→ Goal of the exercise: Nothing in the entries may be altered; copy them in full.

→ Entries provided:
##############################
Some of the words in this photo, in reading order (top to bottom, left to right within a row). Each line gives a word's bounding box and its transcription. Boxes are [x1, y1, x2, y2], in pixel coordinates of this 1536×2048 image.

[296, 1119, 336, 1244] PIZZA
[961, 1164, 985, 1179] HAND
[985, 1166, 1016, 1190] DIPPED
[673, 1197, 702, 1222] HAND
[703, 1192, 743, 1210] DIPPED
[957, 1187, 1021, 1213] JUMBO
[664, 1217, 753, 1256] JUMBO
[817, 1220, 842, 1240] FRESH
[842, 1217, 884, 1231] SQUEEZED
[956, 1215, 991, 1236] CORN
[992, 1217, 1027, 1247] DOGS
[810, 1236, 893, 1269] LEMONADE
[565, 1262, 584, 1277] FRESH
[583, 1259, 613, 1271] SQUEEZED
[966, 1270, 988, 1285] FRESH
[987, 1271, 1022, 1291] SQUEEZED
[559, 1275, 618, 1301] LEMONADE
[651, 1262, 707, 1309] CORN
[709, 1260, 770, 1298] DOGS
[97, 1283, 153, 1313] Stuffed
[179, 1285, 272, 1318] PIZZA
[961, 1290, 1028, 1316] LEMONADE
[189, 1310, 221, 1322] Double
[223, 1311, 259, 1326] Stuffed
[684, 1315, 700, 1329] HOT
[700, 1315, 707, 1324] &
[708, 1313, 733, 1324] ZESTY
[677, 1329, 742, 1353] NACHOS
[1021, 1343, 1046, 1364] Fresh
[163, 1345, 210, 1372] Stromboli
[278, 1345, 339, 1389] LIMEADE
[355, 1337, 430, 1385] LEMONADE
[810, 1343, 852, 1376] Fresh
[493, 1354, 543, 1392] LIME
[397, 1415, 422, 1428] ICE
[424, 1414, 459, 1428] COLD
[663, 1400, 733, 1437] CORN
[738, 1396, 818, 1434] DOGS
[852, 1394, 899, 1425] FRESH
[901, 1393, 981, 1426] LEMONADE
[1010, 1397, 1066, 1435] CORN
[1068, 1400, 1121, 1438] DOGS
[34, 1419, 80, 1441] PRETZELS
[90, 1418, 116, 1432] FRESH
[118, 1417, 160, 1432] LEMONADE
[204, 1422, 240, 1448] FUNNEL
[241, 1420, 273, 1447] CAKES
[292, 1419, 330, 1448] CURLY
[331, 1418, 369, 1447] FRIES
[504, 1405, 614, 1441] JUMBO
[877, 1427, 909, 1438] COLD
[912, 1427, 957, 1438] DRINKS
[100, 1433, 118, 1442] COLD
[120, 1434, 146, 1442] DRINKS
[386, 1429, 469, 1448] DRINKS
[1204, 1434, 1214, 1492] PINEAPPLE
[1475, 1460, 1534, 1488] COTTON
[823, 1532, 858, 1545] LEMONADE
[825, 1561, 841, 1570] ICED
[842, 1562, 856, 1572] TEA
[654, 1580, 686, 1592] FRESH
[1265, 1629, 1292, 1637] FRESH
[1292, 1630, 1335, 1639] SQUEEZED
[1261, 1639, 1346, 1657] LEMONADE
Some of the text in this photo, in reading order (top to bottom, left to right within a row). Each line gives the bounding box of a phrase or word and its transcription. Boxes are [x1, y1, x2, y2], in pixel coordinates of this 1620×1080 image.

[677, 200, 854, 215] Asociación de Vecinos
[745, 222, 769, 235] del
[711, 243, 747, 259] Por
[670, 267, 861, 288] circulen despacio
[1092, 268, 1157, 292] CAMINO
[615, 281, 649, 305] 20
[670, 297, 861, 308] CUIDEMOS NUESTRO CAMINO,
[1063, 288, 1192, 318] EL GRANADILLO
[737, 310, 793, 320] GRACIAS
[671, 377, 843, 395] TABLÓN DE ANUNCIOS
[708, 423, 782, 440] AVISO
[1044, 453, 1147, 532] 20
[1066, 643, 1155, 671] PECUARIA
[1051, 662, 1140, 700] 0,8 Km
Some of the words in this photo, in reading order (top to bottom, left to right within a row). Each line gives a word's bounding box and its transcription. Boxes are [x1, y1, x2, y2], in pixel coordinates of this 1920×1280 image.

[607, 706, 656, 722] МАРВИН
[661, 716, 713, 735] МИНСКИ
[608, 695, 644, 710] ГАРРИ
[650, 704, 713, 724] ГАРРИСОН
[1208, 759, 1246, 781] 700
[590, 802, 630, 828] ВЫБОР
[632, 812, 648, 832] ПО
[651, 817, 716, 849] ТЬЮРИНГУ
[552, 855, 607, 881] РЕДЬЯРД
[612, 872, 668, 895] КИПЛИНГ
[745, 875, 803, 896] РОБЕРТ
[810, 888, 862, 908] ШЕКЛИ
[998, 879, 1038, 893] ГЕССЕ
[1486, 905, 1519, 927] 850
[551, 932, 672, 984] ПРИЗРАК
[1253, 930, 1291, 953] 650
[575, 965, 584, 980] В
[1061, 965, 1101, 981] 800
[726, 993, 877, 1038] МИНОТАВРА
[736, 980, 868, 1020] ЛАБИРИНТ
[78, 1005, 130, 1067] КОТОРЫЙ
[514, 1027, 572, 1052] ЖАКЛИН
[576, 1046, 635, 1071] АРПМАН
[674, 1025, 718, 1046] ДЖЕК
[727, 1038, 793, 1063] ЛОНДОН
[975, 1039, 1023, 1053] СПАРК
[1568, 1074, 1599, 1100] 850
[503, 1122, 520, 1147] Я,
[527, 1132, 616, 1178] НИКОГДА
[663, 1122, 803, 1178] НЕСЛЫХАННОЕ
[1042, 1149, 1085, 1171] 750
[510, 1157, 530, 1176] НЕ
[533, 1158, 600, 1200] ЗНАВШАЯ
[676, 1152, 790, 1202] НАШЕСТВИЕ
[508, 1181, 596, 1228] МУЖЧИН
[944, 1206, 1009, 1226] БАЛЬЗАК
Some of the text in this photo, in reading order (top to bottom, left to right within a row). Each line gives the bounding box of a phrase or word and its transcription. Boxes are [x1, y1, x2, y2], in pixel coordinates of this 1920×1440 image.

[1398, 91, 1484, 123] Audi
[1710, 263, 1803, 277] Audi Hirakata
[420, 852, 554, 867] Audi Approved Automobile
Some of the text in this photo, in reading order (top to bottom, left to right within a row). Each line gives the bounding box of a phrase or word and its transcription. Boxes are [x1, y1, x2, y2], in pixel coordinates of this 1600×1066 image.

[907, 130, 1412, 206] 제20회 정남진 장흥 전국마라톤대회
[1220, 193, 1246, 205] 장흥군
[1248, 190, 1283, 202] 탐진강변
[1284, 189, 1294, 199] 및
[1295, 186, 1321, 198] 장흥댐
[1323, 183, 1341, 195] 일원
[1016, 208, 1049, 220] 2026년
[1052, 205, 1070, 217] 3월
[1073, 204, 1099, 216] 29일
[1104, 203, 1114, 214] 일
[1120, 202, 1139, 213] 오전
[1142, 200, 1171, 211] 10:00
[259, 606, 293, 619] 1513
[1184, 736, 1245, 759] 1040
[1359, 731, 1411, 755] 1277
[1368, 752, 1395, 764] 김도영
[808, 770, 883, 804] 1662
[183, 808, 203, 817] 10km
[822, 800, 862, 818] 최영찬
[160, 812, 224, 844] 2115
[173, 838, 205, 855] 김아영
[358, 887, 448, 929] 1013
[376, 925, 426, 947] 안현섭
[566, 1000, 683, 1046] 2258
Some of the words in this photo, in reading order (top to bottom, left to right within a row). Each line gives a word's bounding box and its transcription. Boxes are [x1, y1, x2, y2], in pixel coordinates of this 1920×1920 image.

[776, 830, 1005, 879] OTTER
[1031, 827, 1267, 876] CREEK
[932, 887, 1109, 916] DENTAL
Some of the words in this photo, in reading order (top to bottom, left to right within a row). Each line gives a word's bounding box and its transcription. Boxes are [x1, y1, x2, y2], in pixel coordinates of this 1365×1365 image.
##############################
→ Solution to the exercise:
Some of the words in this photo, in reading order (top to bottom, left to right within a row). Each line gives a word's bounding box and its transcription. Boxes are [x1, y1, x2, y2], in pixel coordinates of this 1536×2048 image.

[296, 1119, 336, 1244] PIZZA
[961, 1164, 985, 1179] HAND
[985, 1166, 1016, 1190] DIPPED
[673, 1197, 702, 1222] HAND
[703, 1192, 743, 1210] DIPPED
[957, 1187, 1021, 1213] JUMBO
[664, 1217, 753, 1256] JUMBO
[817, 1220, 842, 1240] FRESH
[842, 1217, 884, 1231] SQUEEZED
[956, 1215, 991, 1236] CORN
[992, 1217, 1027, 1247] DOGS
[810, 1236, 893, 1269] LEMONADE
[565, 1262, 584, 1277] FRESH
[583, 1259, 613, 1271] SQUEEZED
[966, 1270, 988, 1285] FRESH
[987, 1271, 1022, 1291] SQUEEZED
[559, 1275, 618, 1301] LEMONADE
[651, 1262, 707, 1309] CORN
[709, 1260, 770, 1298] DOGS
[97, 1283, 153, 1313] Stuffed
[179, 1285, 272, 1318] PIZZA
[961, 1290, 1028, 1316] LEMONADE
[189, 1310, 221, 1322] Double
[223, 1311, 259, 1326] Stuffed
[684, 1315, 700, 1329] HOT
[700, 1315, 707, 1324] &
[708, 1313, 733, 1324] ZESTY
[677, 1329, 742, 1353] NACHOS
[1021, 1343, 1046, 1364] Fresh
[163, 1345, 210, 1372] Stromboli
[278, 1345, 339, 1389] LIMEADE
[355, 1337, 430, 1385] LEMONADE
[810, 1343, 852, 1376] Fresh
[493, 1354, 543, 1392] LIME
[397, 1415, 422, 1428] ICE
[424, 1414, 459, 1428] COLD
[663, 1400, 733, 1437] CORN
[738, 1396, 818, 1434] DOGS
[852, 1394, 899, 1425] FRESH
[901, 1393, 981, 1426] LEMONADE
[1010, 1397, 1066, 1435] CORN
[1068, 1400, 1121, 1438] DOGS
[34, 1419, 80, 1441] PRETZELS
[90, 1418, 116, 1432] FRESH
[118, 1417, 160, 1432] LEMONADE
[204, 1422, 240, 1448] FUNNEL
[241, 1420, 273, 1447] CAKES
[292, 1419, 330, 1448] CURLY
[331, 1418, 369, 1447] FRIES
[504, 1405, 614, 1441] JUMBO
[877, 1427, 909, 1438] COLD
[912, 1427, 957, 1438] DRINKS
[100, 1433, 118, 1442] COLD
[120, 1434, 146, 1442] DRINKS
[386, 1429, 469, 1448] DRINKS
[1204, 1434, 1214, 1492] PINEAPPLE
[1475, 1460, 1534, 1488] COTTON
[823, 1532, 858, 1545] LEMONADE
[825, 1561, 841, 1570] ICED
[842, 1562, 856, 1572] TEA
[654, 1580, 686, 1592] FRESH
[1265, 1629, 1292, 1637] FRESH
[1292, 1630, 1335, 1639] SQUEEZED
[1261, 1639, 1346, 1657] LEMONADE
Some of the text in this photo, in reading order (top to bottom, left to right within a row). Each line gives the bounding box of a phrase or word and its transcription. Boxes are [x1, y1, x2, y2], in pixel coordinates of this 1620×1080 image.

[677, 200, 854, 215] Asociación de Vecinos
[745, 222, 769, 235] del
[711, 243, 747, 259] Por
[670, 267, 861, 288] circulen despacio
[1092, 268, 1157, 292] CAMINO
[615, 281, 649, 305] 20
[670, 297, 861, 308] CUIDEMOS NUESTRO CAMINO,
[1063, 288, 1192, 318] EL GRANADILLO
[737, 310, 793, 320] GRACIAS
[671, 377, 843, 395] TABLÓN DE ANUNCIOS
[708, 423, 782, 440] AVISO
[1044, 453, 1147, 532] 20
[1066, 643, 1155, 671] PECUARIA
[1051, 662, 1140, 700] 0,8 Km
Some of the words in this photo, in reading order (top to bottom, left to right within a row). Each line gives a word's bounding box and its transcription. Boxes are [x1, y1, x2, y2], in pixel coordinates of this 1920×1280 image.

[607, 706, 656, 722] МАРВИН
[661, 716, 713, 735] МИНСКИ
[608, 695, 644, 710] ГАРРИ
[650, 704, 713, 724] ГАРРИСОН
[1208, 759, 1246, 781] 700
[590, 802, 630, 828] ВЫБОР
[632, 812, 648, 832] ПО
[651, 817, 716, 849] ТЬЮРИНГУ
[552, 855, 607, 881] РЕДЬЯРД
[612, 872, 668, 895] КИПЛИНГ
[745, 875, 803, 896] РОБЕРТ
[810, 888, 862, 908] ШЕКЛИ
[998, 879, 1038, 893] ГЕССЕ
[1486, 905, 1519, 927] 850
[551, 932, 672, 984] ПРИЗРАК
[1253, 930, 1291, 953] 650
[575, 965, 584, 980] В
[1061, 965, 1101, 981] 800
[726, 993, 877, 1038] МИНОТАВРА
[736, 980, 868, 1020] ЛАБИРИНТ
[78, 1005, 130, 1067] КОТОРЫЙ
[514, 1027, 572, 1052] ЖАКЛИН
[576, 1046, 635, 1071] АРПМАН
[674, 1025, 718, 1046] ДЖЕК
[727, 1038, 793, 1063] ЛОНДОН
[975, 1039, 1023, 1053] СПАРК
[1568, 1074, 1599, 1100] 850
[503, 1122, 520, 1147] Я,
[527, 1132, 616, 1178] НИКОГДА
[663, 1122, 803, 1178] НЕСЛЫХАННОЕ
[1042, 1149, 1085, 1171] 750
[510, 1157, 530, 1176] НЕ
[533, 1158, 600, 1200] ЗНАВШАЯ
[676, 1152, 790, 1202] НАШЕСТВИЕ
[508, 1181, 596, 1228] МУЖЧИН
[944, 1206, 1009, 1226] БАЛЬЗАК
Some of the text in this photo, in reading order (top to bottom, left to right within a row). Each line gives the bounding box of a phrase or word and its transcription. Boxes are [x1, y1, x2, y2], in pixel coordinates of this 1920×1440 image.

[1398, 91, 1484, 123] Audi
[1710, 263, 1803, 277] Audi Hirakata
[420, 852, 554, 867] Audi Approved Automobile
Some of the text in this photo, in reading order (top to bottom, left to right within a row). Each line gives the bounding box of a phrase or word and its transcription. Boxes are [x1, y1, x2, y2], in pixel coordinates of this 1600×1066 image.

[907, 130, 1412, 206] 제20회 정남진 장흥 전국마라톤대회
[1220, 193, 1246, 205] 장흥군
[1248, 190, 1283, 202] 탐진강변
[1284, 189, 1294, 199] 및
[1295, 186, 1321, 198] 장흥댐
[1323, 183, 1341, 195] 일원
[1016, 208, 1049, 220] 2026년
[1052, 205, 1070, 217] 3월
[1073, 204, 1099, 216] 29일
[1104, 203, 1114, 214] 일
[1120, 202, 1139, 213] 오전
[1142, 200, 1171, 211] 10:00
[259, 606, 293, 619] 1513
[1184, 736, 1245, 759] 1040
[1359, 731, 1411, 755] 1277
[1368, 752, 1395, 764] 김도영
[808, 770, 883, 804] 1662
[183, 808, 203, 817] 10km
[822, 800, 862, 818] 최영찬
[160, 812, 224, 844] 2115
[173, 838, 205, 855] 김아영
[358, 887, 448, 929] 1013
[376, 925, 426, 947] 안현섭
[566, 1000, 683, 1046] 2258
Some of the words in this photo, in reading order (top to bottom, left to right within a row). Each line gives a word's bounding box and its transcription. Boxes are [x1, y1, x2, y2], in pixel coordinates of this 1920×1920 image.

[776, 830, 1005, 879] OTTER
[1031, 827, 1267, 876] CREEK
[932, 887, 1109, 916] DENTAL
Some of the words in this photo, in reading order (top to bottom, left to right within a row). Each line gives a word's bounding box and its transcription. Boxes are [x1, y1, x2, y2], in pixel coordinates of this 1365×1365 image.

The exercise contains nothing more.